<<<<

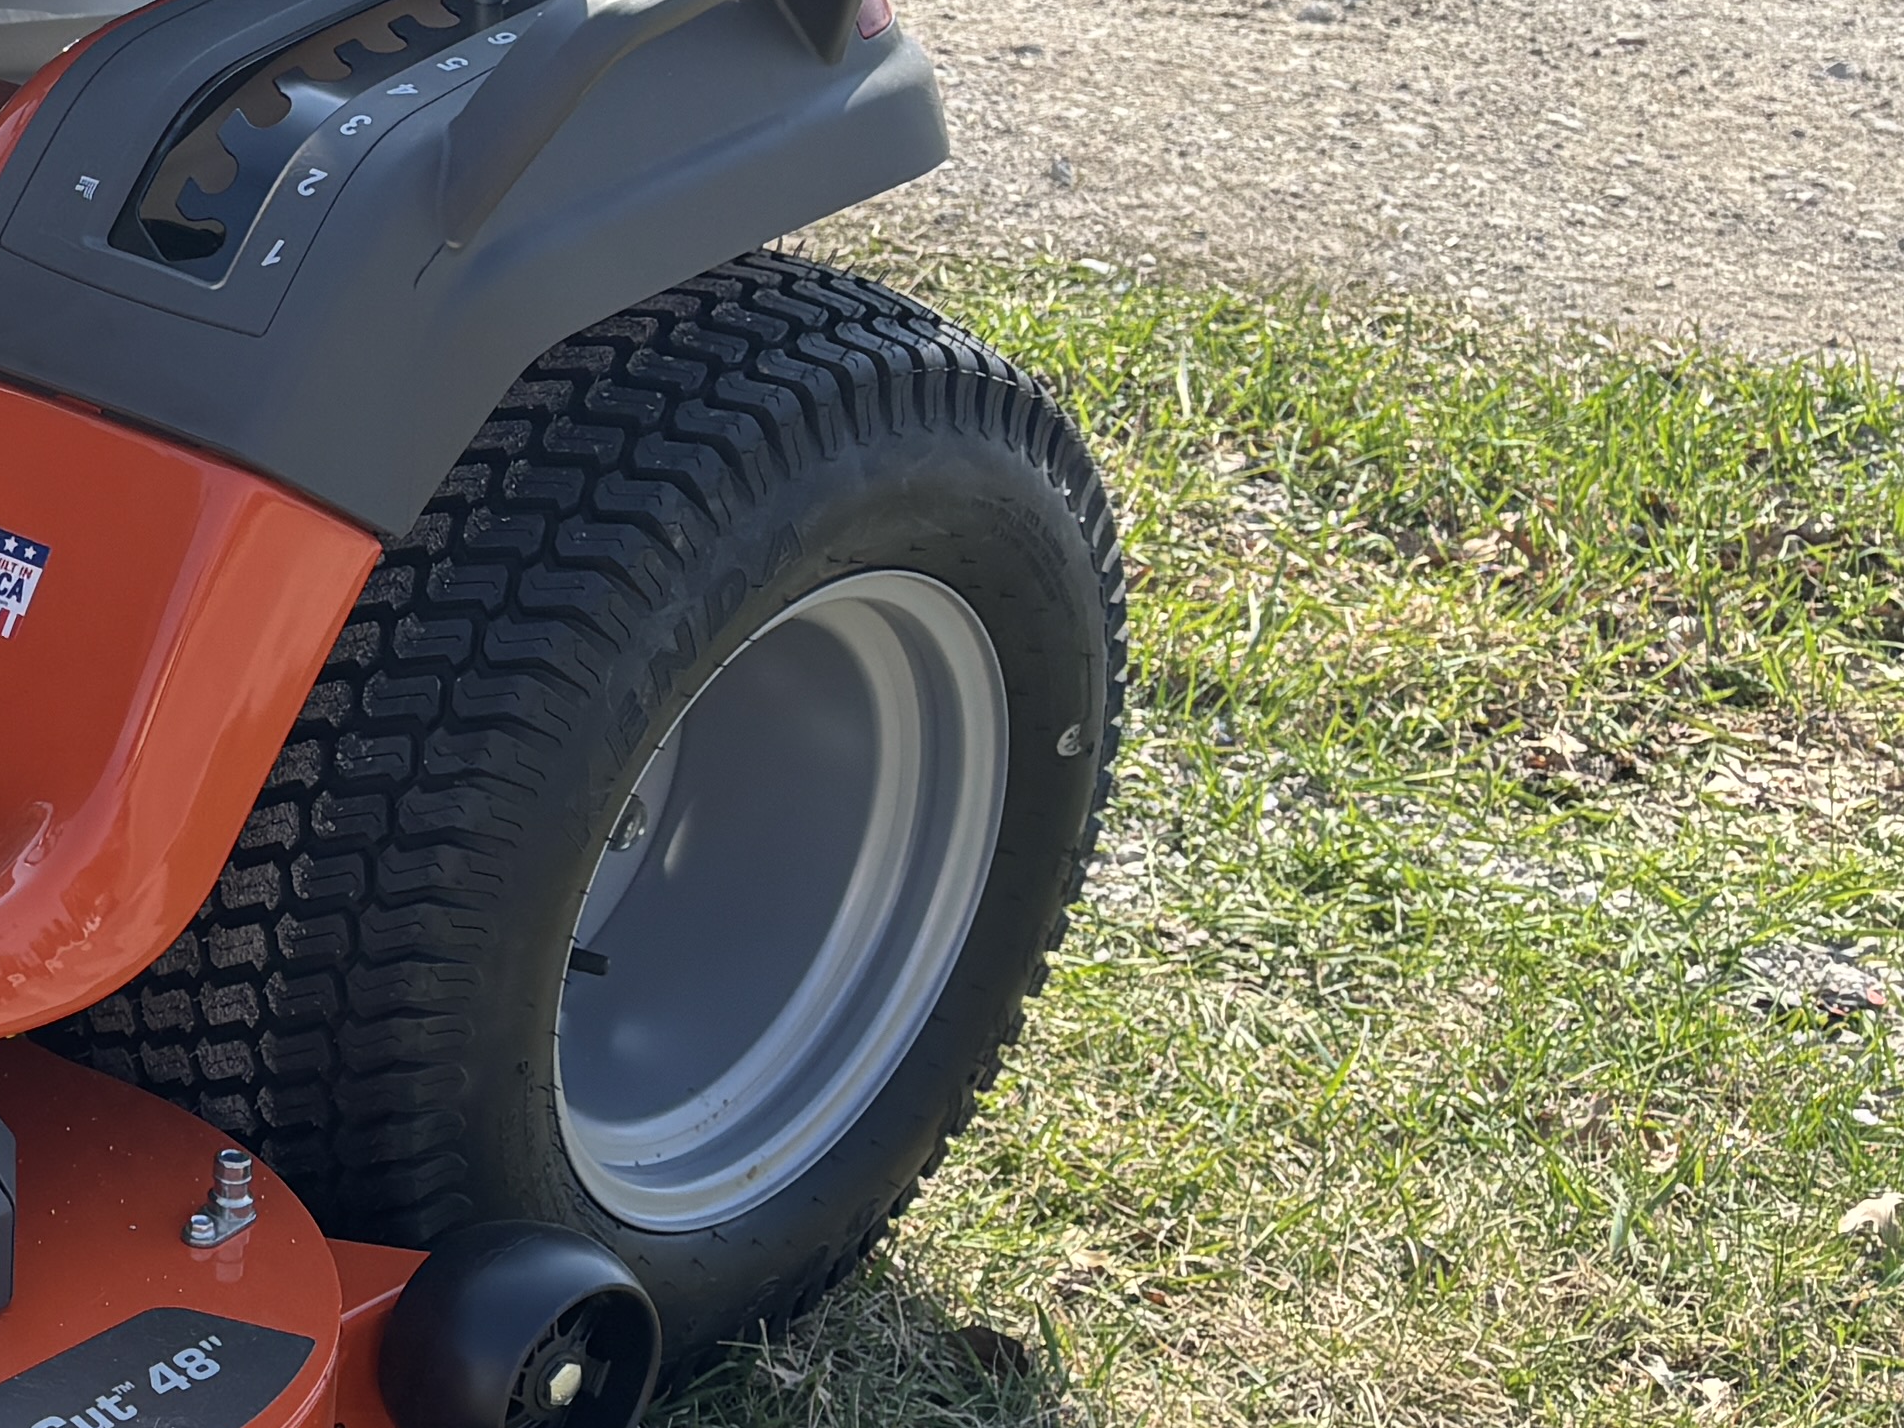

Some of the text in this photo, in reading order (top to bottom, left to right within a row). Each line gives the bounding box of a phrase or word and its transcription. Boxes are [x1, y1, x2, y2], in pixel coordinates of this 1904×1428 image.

[261, 239, 285, 266] 1
[297, 168, 328, 196] 2
[340, 115, 372, 136] 3
[386, 83, 419, 96] 4
[436, 56, 469, 71] 5
[19, 566, 34, 580] IN
[147, 1334, 224, 1397] 48"
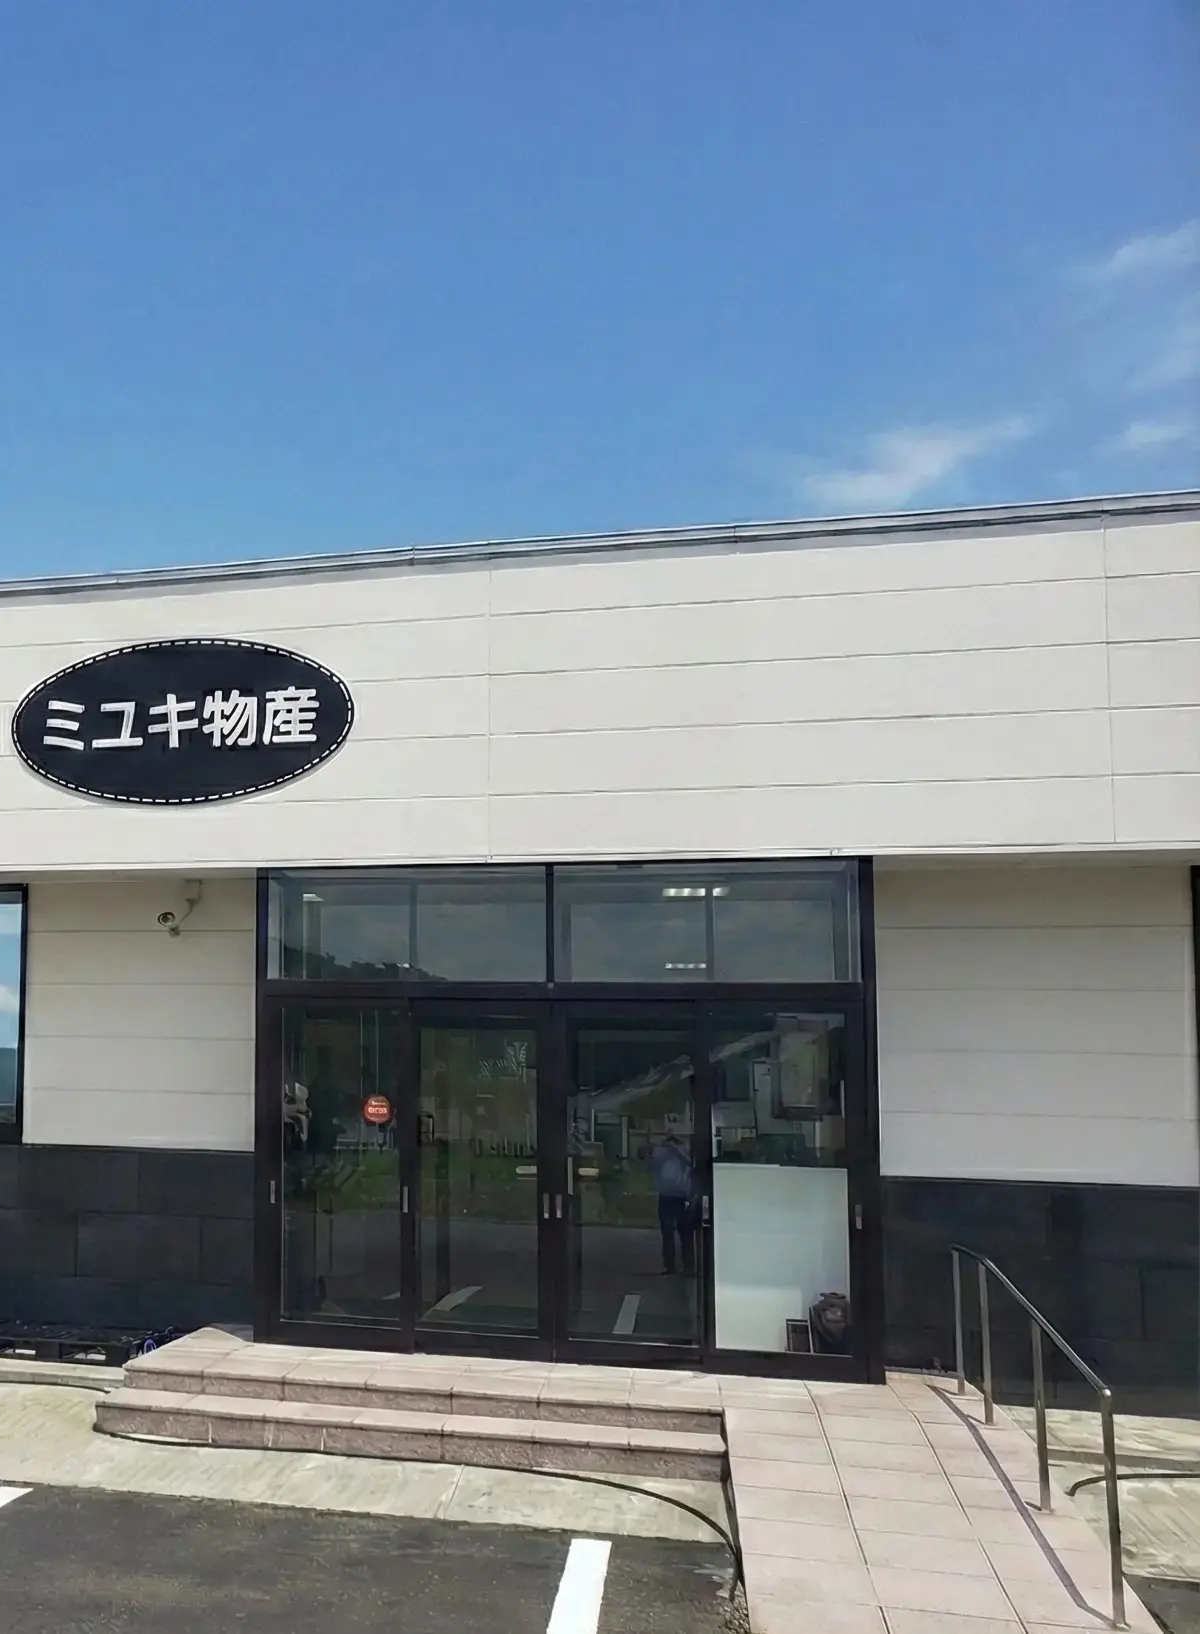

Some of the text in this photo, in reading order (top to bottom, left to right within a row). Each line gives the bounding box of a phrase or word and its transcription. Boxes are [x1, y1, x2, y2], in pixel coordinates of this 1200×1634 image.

[43, 685, 320, 751] ミユキ物産
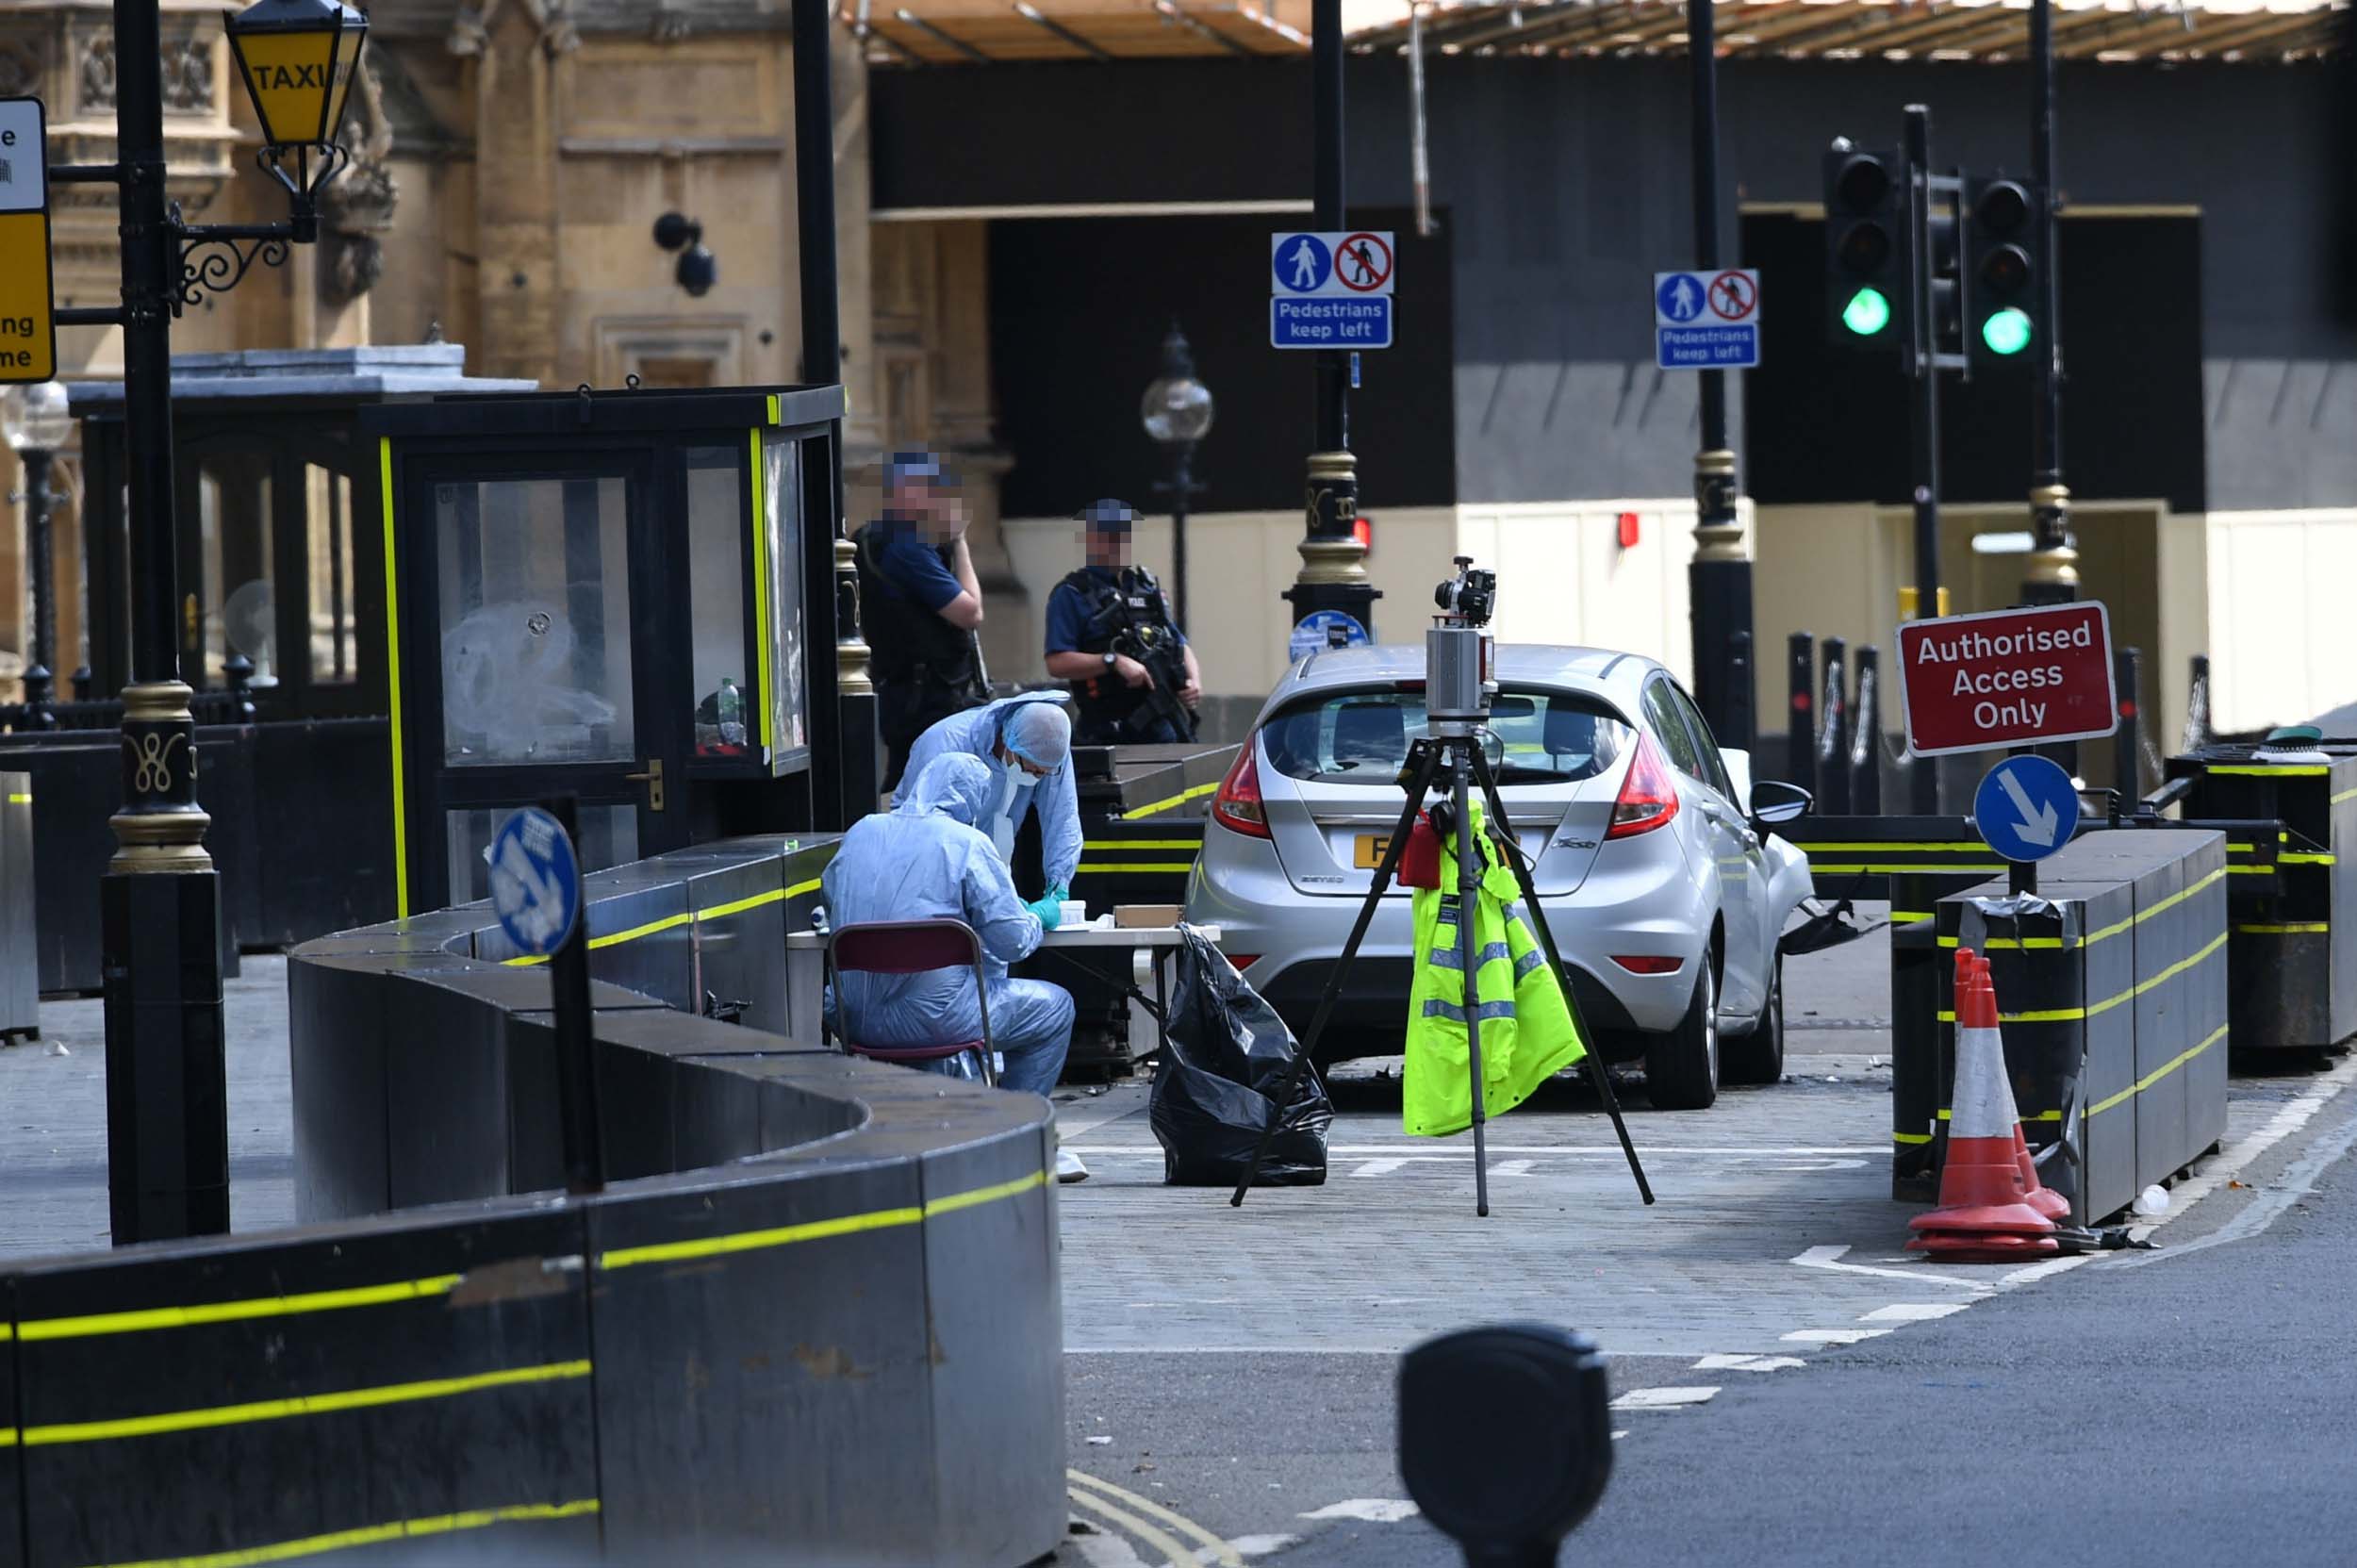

>>>>

> _Assignment_:
Return the listing above unchanged, apart from dropping its pictures.

> _Task solution_:
Some of the text in this photo, in reading order (top to bottom, left to right within a row). Each line gives the bounding box of a phrase or word and its transcription. Boxes are [x1, y1, x2, y2], in pixel coordinates of this 1904×1428 image.

[261, 239, 285, 266] 1
[297, 168, 328, 196] 2
[340, 115, 372, 136] 3
[386, 83, 419, 96] 4
[436, 56, 469, 71] 5
[19, 566, 34, 580] IN
[147, 1334, 224, 1397] 48"

Some of the text in this photo, in reading order (top to bottom, left to right within a row). Each line gives the bounding box of a phrase or word and its transcription. Boxes are [x1, y1, x2, y2], in pixel coordinates of this 1200×1634 image.

[43, 685, 320, 751] ミユキ物産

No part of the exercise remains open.